REQUIRED WORK
Every entry that follows should be reproduced exactly.

*** GIVEN INFORMATION

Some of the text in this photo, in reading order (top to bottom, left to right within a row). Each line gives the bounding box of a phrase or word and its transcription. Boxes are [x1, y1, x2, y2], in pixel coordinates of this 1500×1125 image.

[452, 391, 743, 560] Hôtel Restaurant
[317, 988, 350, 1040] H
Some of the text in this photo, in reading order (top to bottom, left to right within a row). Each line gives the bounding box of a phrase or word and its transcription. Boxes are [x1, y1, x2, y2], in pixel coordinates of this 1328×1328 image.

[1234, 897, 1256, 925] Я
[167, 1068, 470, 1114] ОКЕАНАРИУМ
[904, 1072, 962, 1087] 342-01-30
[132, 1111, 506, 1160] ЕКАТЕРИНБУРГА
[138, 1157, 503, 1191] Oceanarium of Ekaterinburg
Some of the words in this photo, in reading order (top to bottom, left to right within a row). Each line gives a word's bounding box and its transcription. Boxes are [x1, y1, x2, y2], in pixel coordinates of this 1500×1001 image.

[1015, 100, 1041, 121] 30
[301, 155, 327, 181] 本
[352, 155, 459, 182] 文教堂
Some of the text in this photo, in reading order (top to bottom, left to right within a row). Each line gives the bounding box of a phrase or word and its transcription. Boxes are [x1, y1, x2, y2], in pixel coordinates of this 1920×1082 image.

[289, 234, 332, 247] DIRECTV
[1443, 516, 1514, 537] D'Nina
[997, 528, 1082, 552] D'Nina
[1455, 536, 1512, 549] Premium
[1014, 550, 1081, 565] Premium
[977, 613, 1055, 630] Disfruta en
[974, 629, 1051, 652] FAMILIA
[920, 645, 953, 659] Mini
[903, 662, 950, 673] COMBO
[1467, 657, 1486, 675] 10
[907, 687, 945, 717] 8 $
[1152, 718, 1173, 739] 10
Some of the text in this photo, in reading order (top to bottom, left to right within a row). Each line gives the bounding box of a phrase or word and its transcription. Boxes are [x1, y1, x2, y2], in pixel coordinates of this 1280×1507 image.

******

YOUR SOLUTION
Some of the text in this photo, in reading order (top to bottom, left to right within a row). Each line gives the bounding box of a phrase or word and its transcription. Boxes are [x1, y1, x2, y2], in pixel coordinates of this 1500×1125 image.

[452, 391, 743, 560] Hôtel Restaurant
[317, 988, 350, 1040] H
Some of the text in this photo, in reading order (top to bottom, left to right within a row). Each line gives the bounding box of a phrase or word and its transcription. Boxes are [x1, y1, x2, y2], in pixel coordinates of this 1328×1328 image.

[1234, 897, 1256, 925] Я
[167, 1068, 470, 1114] ОКЕАНАРИУМ
[904, 1072, 962, 1087] 342-01-30
[132, 1111, 506, 1160] ЕКАТЕРИНБУРГА
[138, 1157, 503, 1191] Oceanarium of Ekaterinburg
Some of the words in this photo, in reading order (top to bottom, left to right within a row). Each line gives a word's bounding box and its transcription. Boxes are [x1, y1, x2, y2], in pixel coordinates of this 1500×1001 image.

[1015, 100, 1041, 121] 30
[301, 155, 327, 181] 本
[352, 155, 459, 182] 文教堂
Some of the text in this photo, in reading order (top to bottom, left to right within a row). Each line gives the bounding box of a phrase or word and its transcription. Boxes are [x1, y1, x2, y2], in pixel coordinates of this 1920×1082 image.

[289, 234, 332, 247] DIRECTV
[1443, 516, 1514, 537] D'Nina
[997, 528, 1082, 552] D'Nina
[1455, 536, 1512, 549] Premium
[1014, 550, 1081, 565] Premium
[977, 613, 1055, 630] Disfruta en
[974, 629, 1051, 652] FAMILIA
[920, 645, 953, 659] Mini
[903, 662, 950, 673] COMBO
[1467, 657, 1486, 675] 10
[907, 687, 945, 717] 8 $
[1152, 718, 1173, 739] 10
Some of the text in this photo, in reading order (top to bottom, left to right within a row). Each line gives the bounding box of a phrase or word and its transcription. Boxes are [x1, y1, x2, y2], in pixel coordinates of this 1280×1507 image.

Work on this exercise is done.